Daily Meditation: Matthew 8:1-4
His leprosy was cleansed immediately. (Matthew 8:3)
From the moment he exhibited signs of leprosy, this poor man was separated from his family. He had to ring a bell and call out “Unclean!” whenever a healthy person approached him. Imagine the kind of life he was forced to lead! Not only was he coping with the physical effects of a terrible illness, but he also had to deal with the guilt, stress, and sense of isolation that came with his exclusion. And then there were the effects of knowing that so many people around him were now afraid of him.

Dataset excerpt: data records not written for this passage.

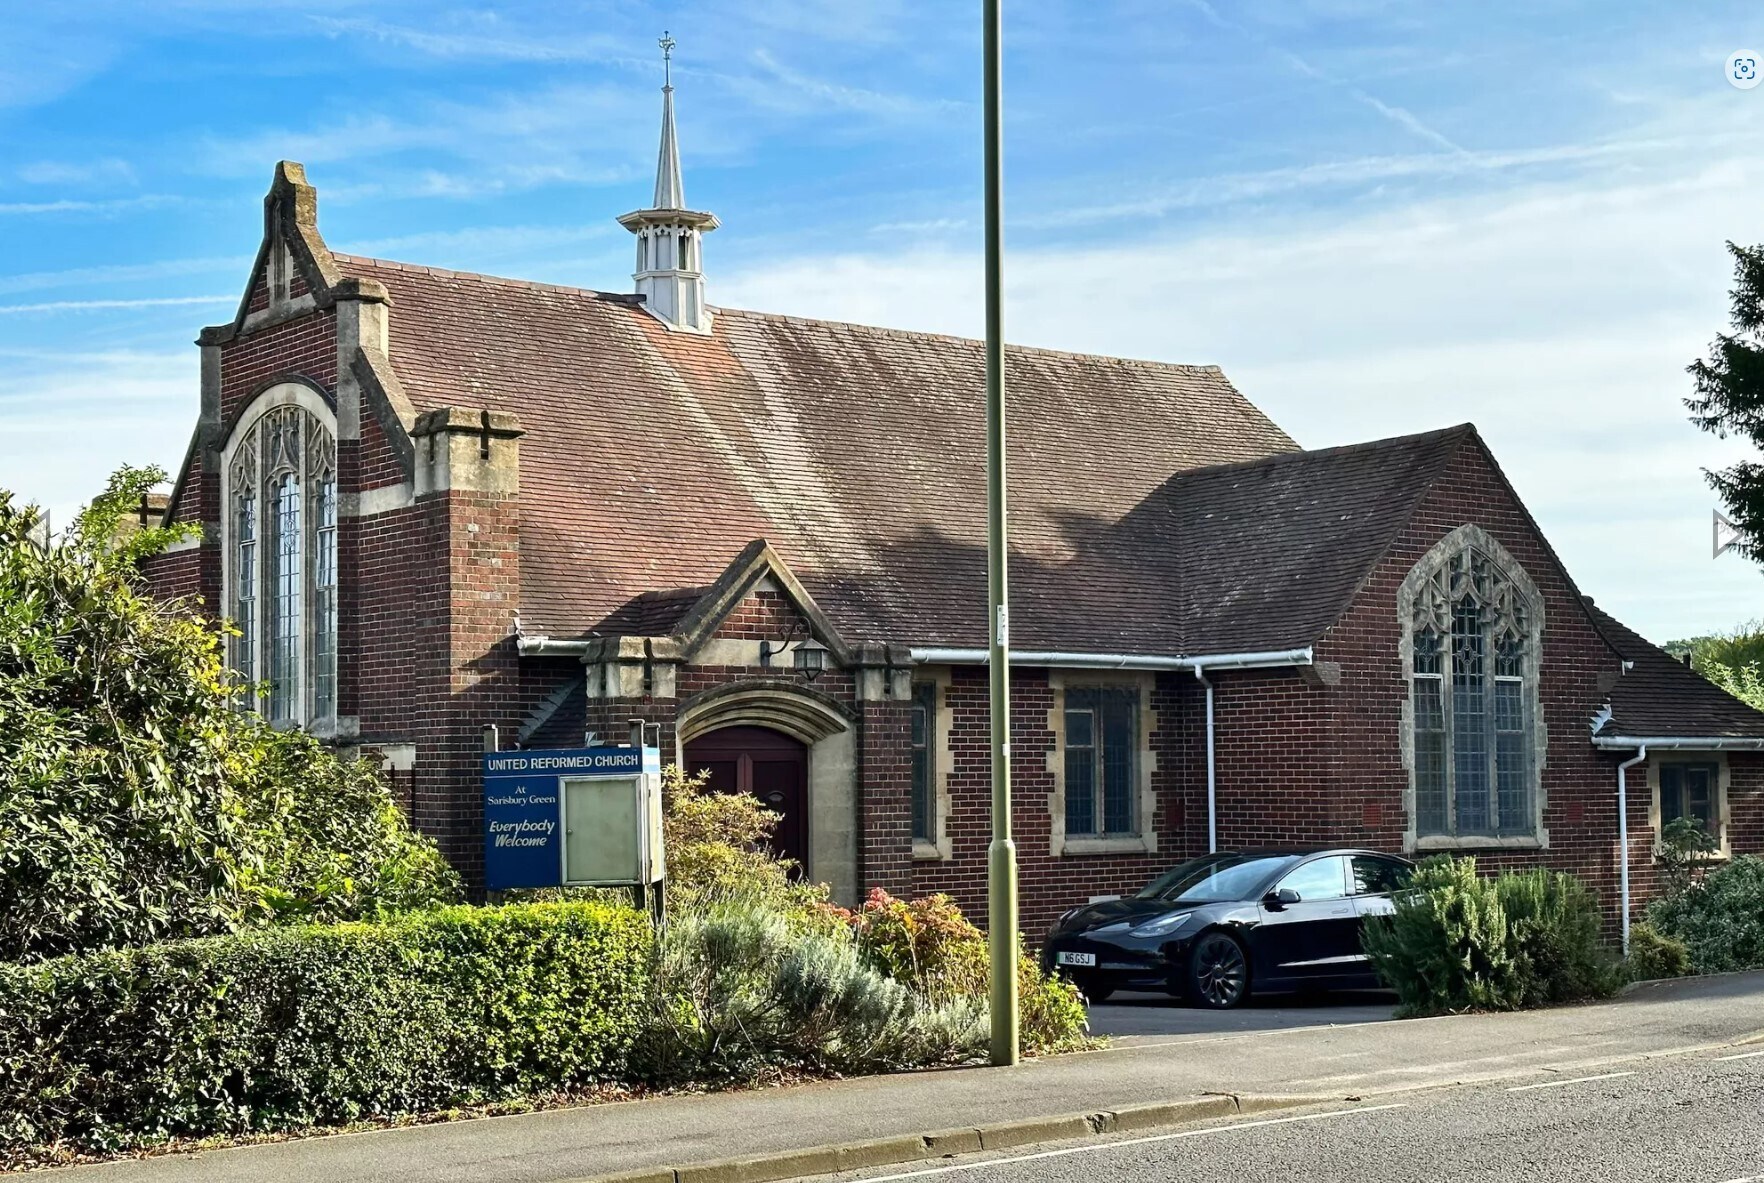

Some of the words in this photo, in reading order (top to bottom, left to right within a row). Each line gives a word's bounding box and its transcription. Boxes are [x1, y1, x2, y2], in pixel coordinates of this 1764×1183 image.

[488, 758, 528, 771] UNITED
[530, 756, 592, 769] REFORMED
[595, 755, 638, 767] CHURCH
[515, 785, 526, 794] At
[487, 795, 528, 807] Sarisbury
[529, 794, 556, 804] Green
[489, 819, 555, 835] Everybody
[495, 833, 547, 847] Welcome
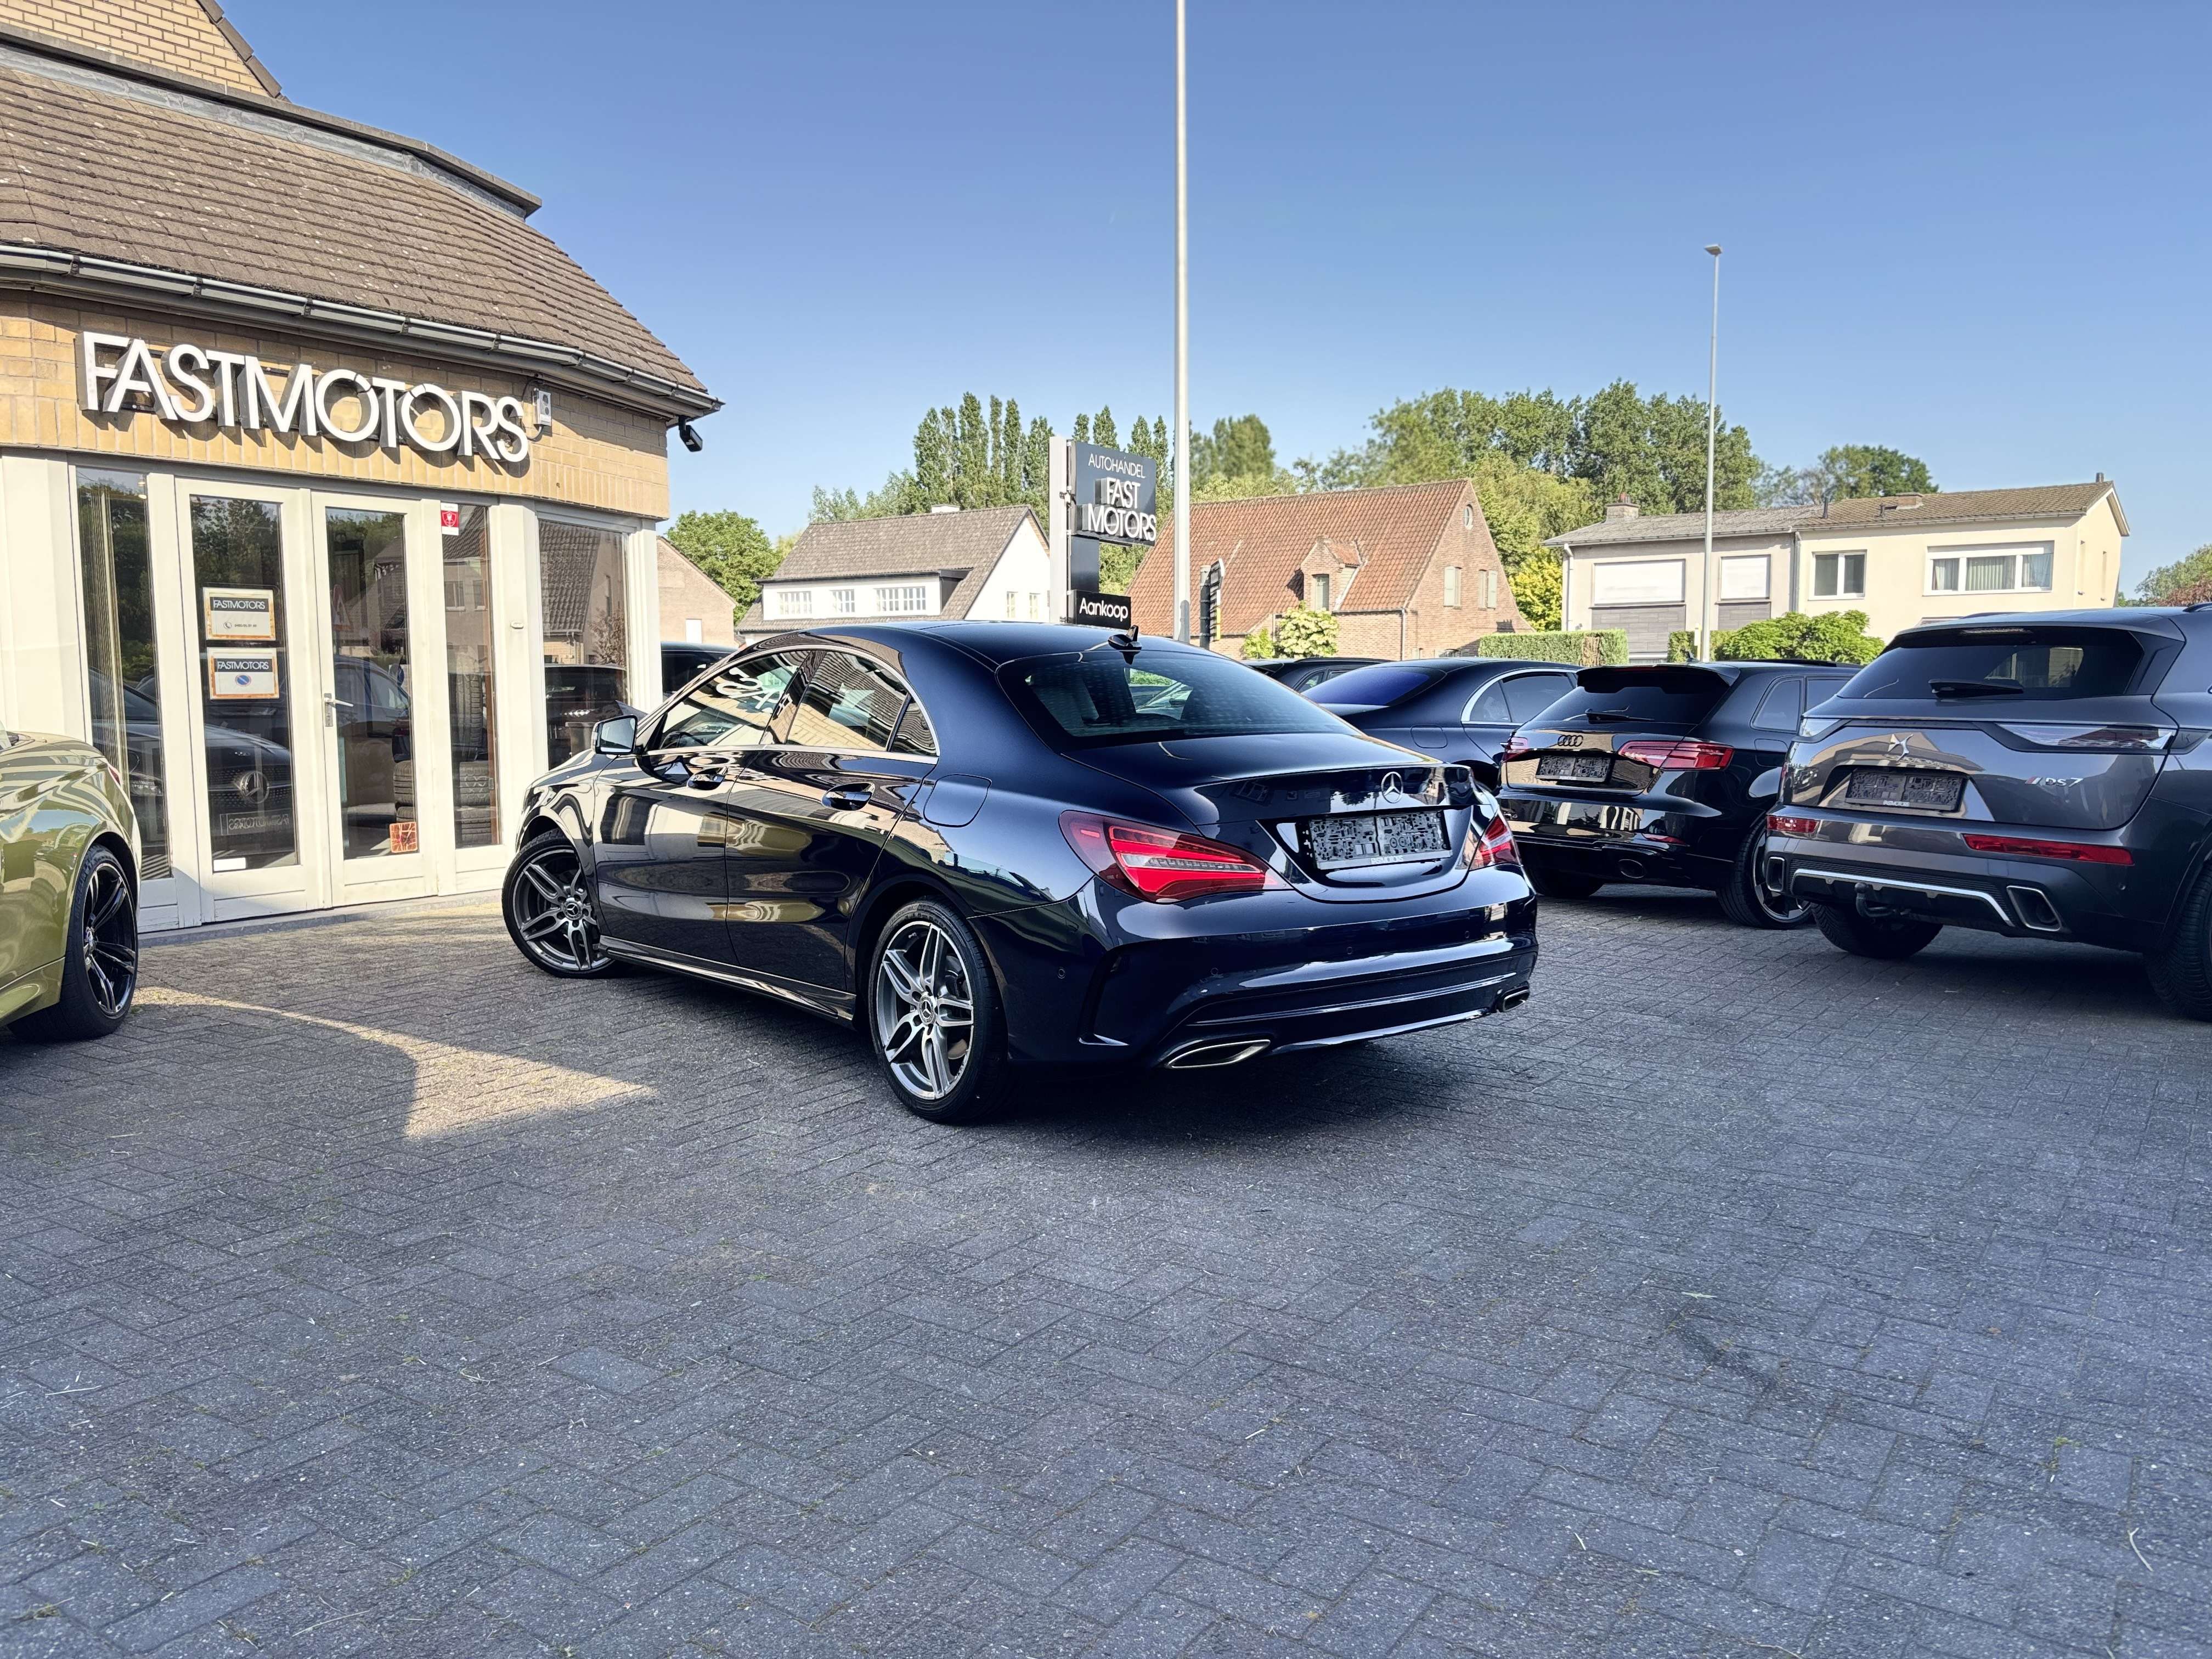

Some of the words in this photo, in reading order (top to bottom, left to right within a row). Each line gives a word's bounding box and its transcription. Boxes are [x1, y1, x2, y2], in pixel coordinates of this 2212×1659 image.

There was a good reason for isolating lepers, however: people in the ancient Near East knew that leprosy was an incurable and highly contagious disease. By approaching Jesus, the man risked infecting him and making him ritually unclean as well. To go ahead and do so anyway required both great courage and great faith.
Imagine the joy this man must have felt at being both physically healed and freed from the social constraints of his disease! After getting approval from the rabbi, he could return home, get a job, and live with his family once again. His whole life had changed because he dared to ask Jesus for help.
We may feel “unclean” at times, or undeserving of the little blessings—or certainly the big miracles—that God wants to give us. We may hesitate to call out to Jesus for help, to ask for forgiveness, or even to try going deeper in our faith or drawing closer to Christ. We might avoid going to Eucharistic Adoration because we don’t believe God would speak to us there. Or we might go to Confession but doubt that God has truly forgiven our sins.
Just as this fellow courageously called out to Jesus and asked for healing, you can do the same. So come to Jesus. Believe in your heart that he welcomes you and he wants to speak with you. Ask him to heal you. Right now, imagine him placing his hands on you and giving you an extra supply of his grace and healing power. Be made clean!
“Heal me, Lord, of whatever keeps me from you. Help me to believe that I am worthy of your love.”